» **Data records**:
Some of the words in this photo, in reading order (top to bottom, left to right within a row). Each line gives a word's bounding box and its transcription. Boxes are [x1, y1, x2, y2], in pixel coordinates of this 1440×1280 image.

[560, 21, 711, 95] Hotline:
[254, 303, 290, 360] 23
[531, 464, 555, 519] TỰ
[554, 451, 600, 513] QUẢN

» **What is being asked**: A word-for-word copy of the full listing is required.

» **The answer**:
Some of the words in this photo, in reading order (top to bottom, left to right within a row). Each line gives a word's bounding box and its transcription. Boxes are [x1, y1, x2, y2], in pixel coordinates of this 1440×1280 image.

[560, 21, 711, 95] Hotline:
[254, 303, 290, 360] 23
[531, 464, 555, 519] TỰ
[554, 451, 600, 513] QUẢN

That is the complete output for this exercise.